(What is required) Write out all of the records exactly once more and skip the images.

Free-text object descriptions

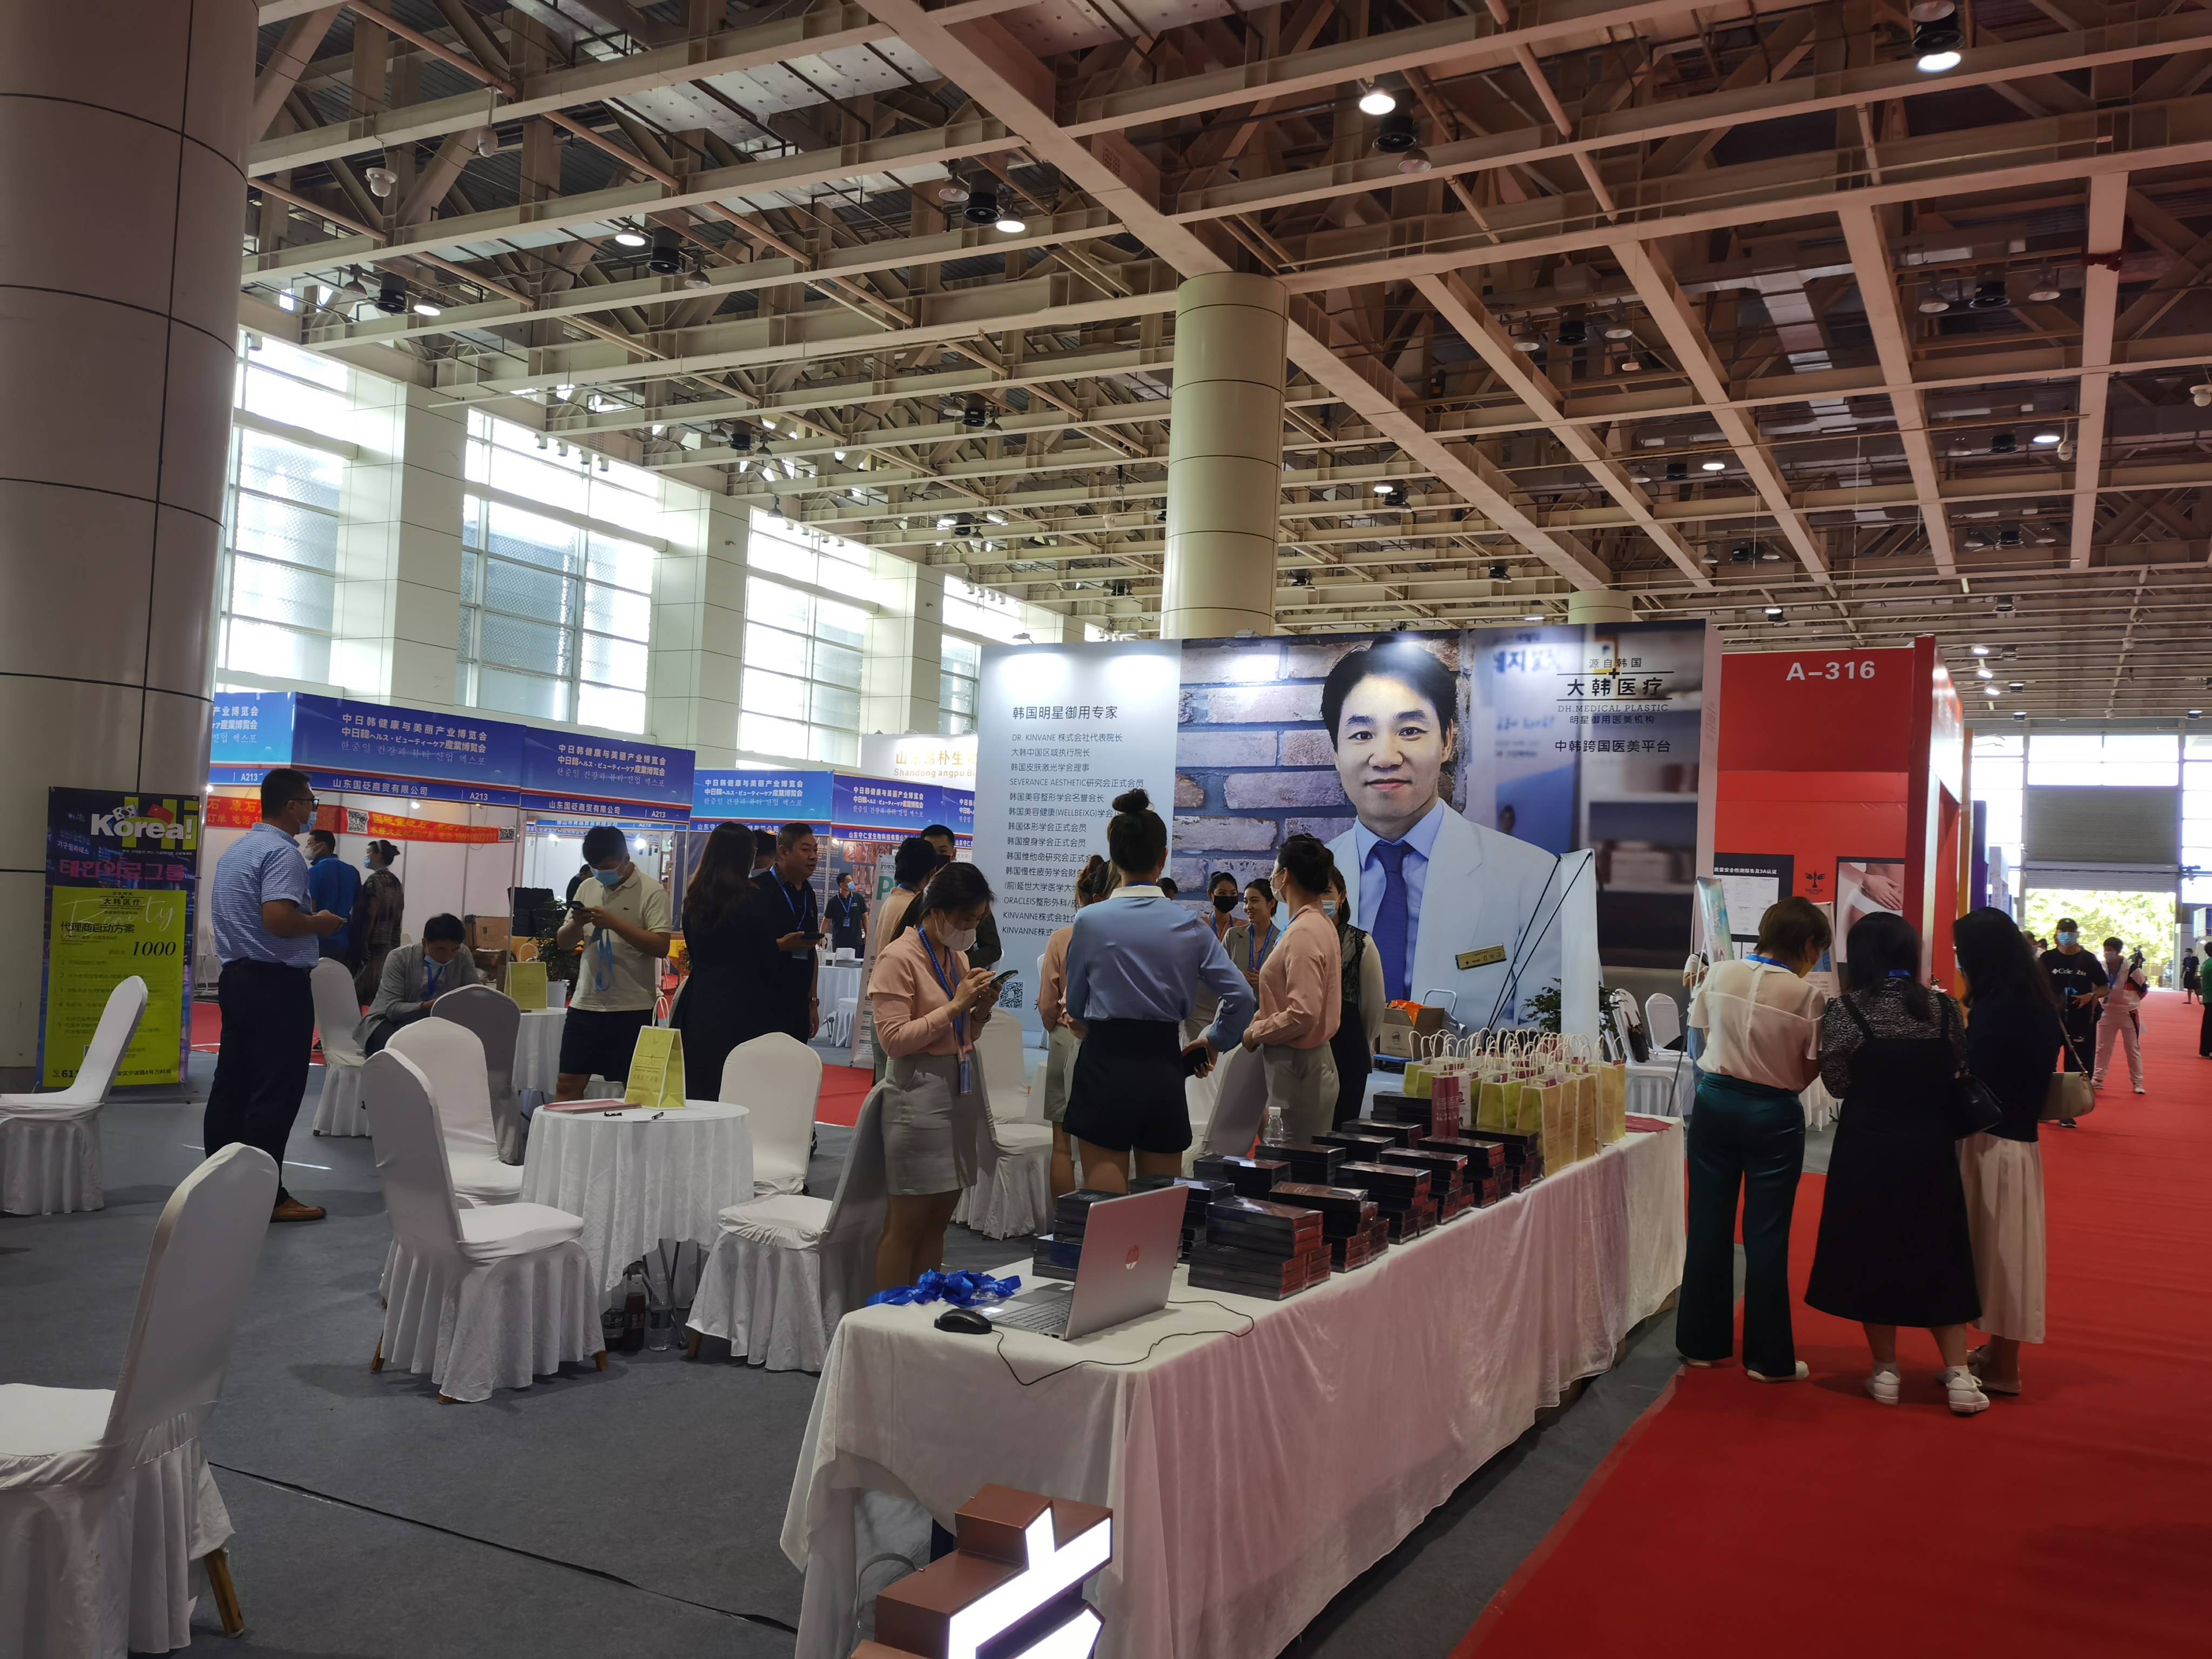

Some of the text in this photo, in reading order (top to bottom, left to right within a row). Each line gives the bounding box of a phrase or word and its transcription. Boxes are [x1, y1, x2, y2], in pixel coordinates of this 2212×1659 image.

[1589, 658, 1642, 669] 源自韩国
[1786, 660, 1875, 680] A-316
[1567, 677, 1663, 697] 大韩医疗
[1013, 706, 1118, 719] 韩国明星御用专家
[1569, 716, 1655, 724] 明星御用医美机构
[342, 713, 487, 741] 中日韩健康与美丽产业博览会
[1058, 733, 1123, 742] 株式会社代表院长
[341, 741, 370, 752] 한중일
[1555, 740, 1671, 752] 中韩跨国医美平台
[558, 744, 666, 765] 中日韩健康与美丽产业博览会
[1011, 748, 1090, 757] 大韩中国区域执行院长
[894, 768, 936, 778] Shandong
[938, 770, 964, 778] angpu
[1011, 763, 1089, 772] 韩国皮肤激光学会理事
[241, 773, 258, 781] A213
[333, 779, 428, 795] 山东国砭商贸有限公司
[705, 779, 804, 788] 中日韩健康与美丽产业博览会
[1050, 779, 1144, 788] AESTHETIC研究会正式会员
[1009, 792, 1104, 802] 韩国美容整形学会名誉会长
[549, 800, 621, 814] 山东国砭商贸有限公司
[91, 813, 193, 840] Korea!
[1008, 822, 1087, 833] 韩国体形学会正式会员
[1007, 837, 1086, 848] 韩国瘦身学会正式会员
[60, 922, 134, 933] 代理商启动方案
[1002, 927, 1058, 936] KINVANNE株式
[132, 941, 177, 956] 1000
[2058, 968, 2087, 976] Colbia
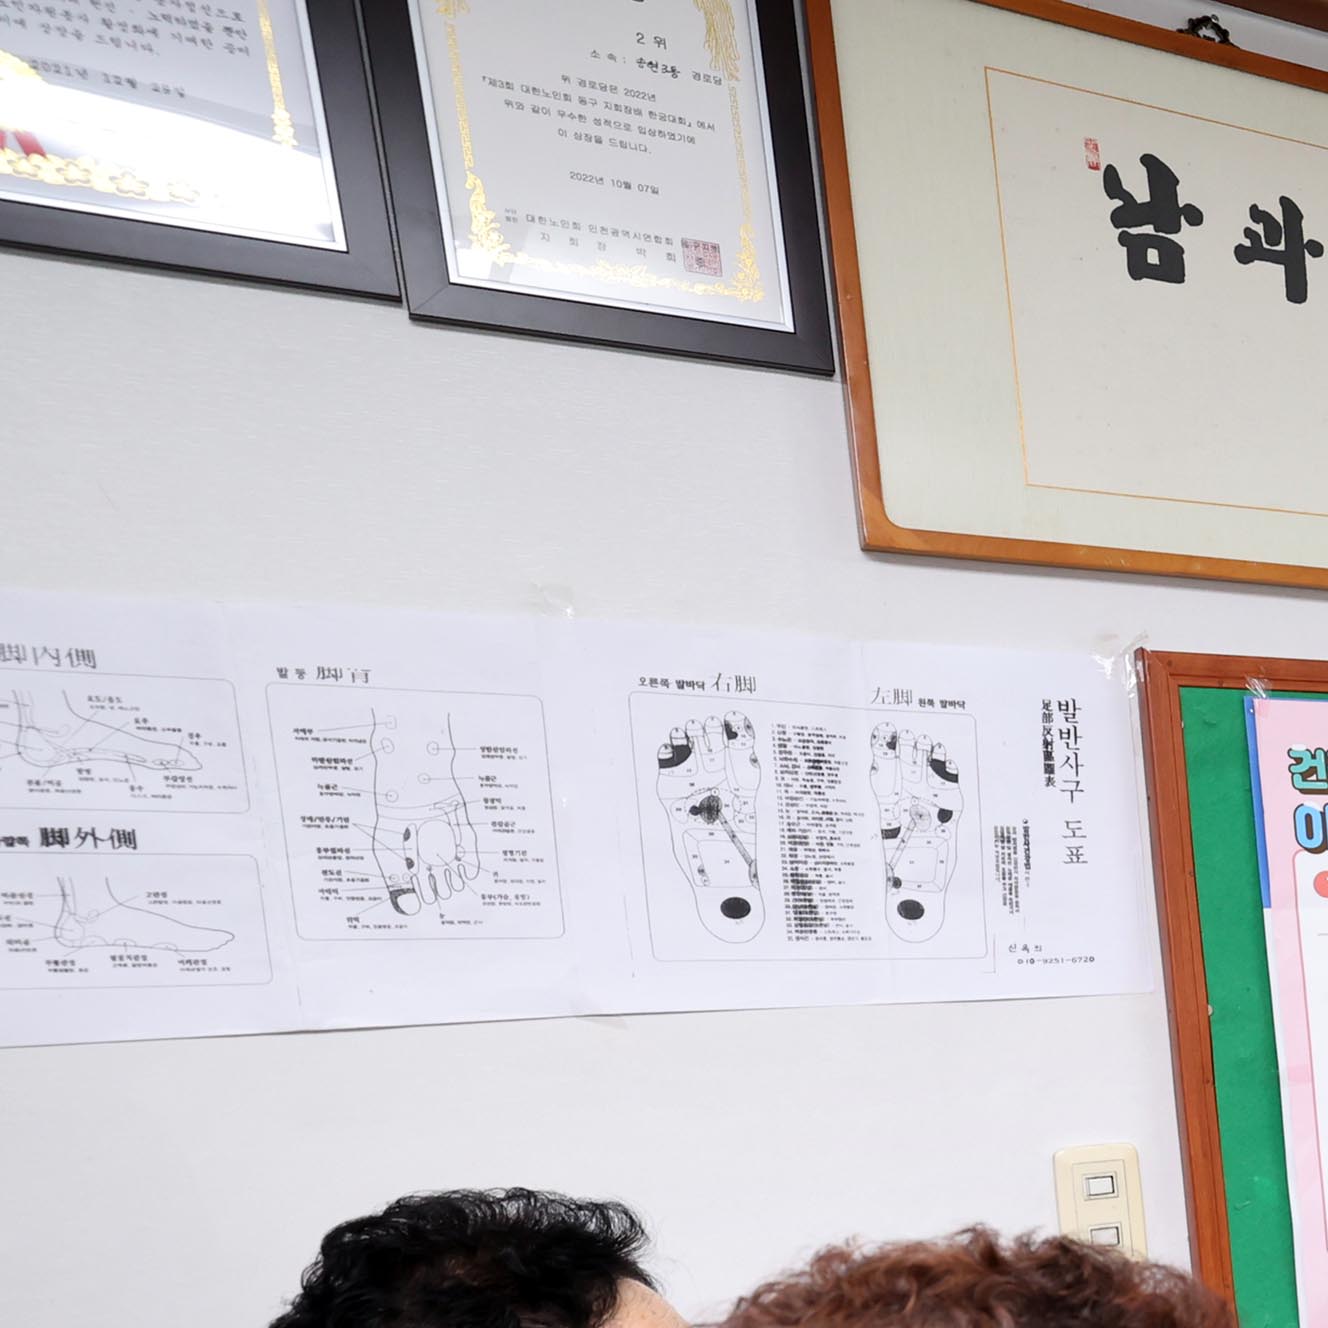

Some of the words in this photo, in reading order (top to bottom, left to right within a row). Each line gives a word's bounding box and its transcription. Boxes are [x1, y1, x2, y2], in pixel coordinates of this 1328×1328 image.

(Answer to the problem)
Some of the text in this photo, in reading order (top to bottom, left to right within a row). Each line gives the bounding box of a phrase or word and its transcription. Boxes are [x1, y1, x2, y2], in pixel coordinates of this 2212×1659 image.

[1589, 658, 1642, 669] 源自韩国
[1786, 660, 1875, 680] A-316
[1567, 677, 1663, 697] 大韩医疗
[1013, 706, 1118, 719] 韩国明星御用专家
[1569, 716, 1655, 724] 明星御用医美机构
[342, 713, 487, 741] 中日韩健康与美丽产业博览会
[1058, 733, 1123, 742] 株式会社代表院长
[341, 741, 370, 752] 한중일
[1555, 740, 1671, 752] 中韩跨国医美平台
[558, 744, 666, 765] 中日韩健康与美丽产业博览会
[1011, 748, 1090, 757] 大韩中国区域执行院长
[894, 768, 936, 778] Shandong
[938, 770, 964, 778] angpu
[1011, 763, 1089, 772] 韩国皮肤激光学会理事
[241, 773, 258, 781] A213
[333, 779, 428, 795] 山东国砭商贸有限公司
[705, 779, 804, 788] 中日韩健康与美丽产业博览会
[1050, 779, 1144, 788] AESTHETIC研究会正式会员
[1009, 792, 1104, 802] 韩国美容整形学会名誉会长
[549, 800, 621, 814] 山东国砭商贸有限公司
[91, 813, 193, 840] Korea!
[1008, 822, 1087, 833] 韩国体形学会正式会员
[1007, 837, 1086, 848] 韩国瘦身学会正式会员
[60, 922, 134, 933] 代理商启动方案
[1002, 927, 1058, 936] KINVANNE株式
[132, 941, 177, 956] 1000
[2058, 968, 2087, 976] Colbia

Some of the words in this photo, in reading order (top to bottom, left to right within a row). Each line gives a word's bounding box and its transcription. Boxes are [x1, y1, x2, y2], in pixel coordinates of this 1328×1328 image.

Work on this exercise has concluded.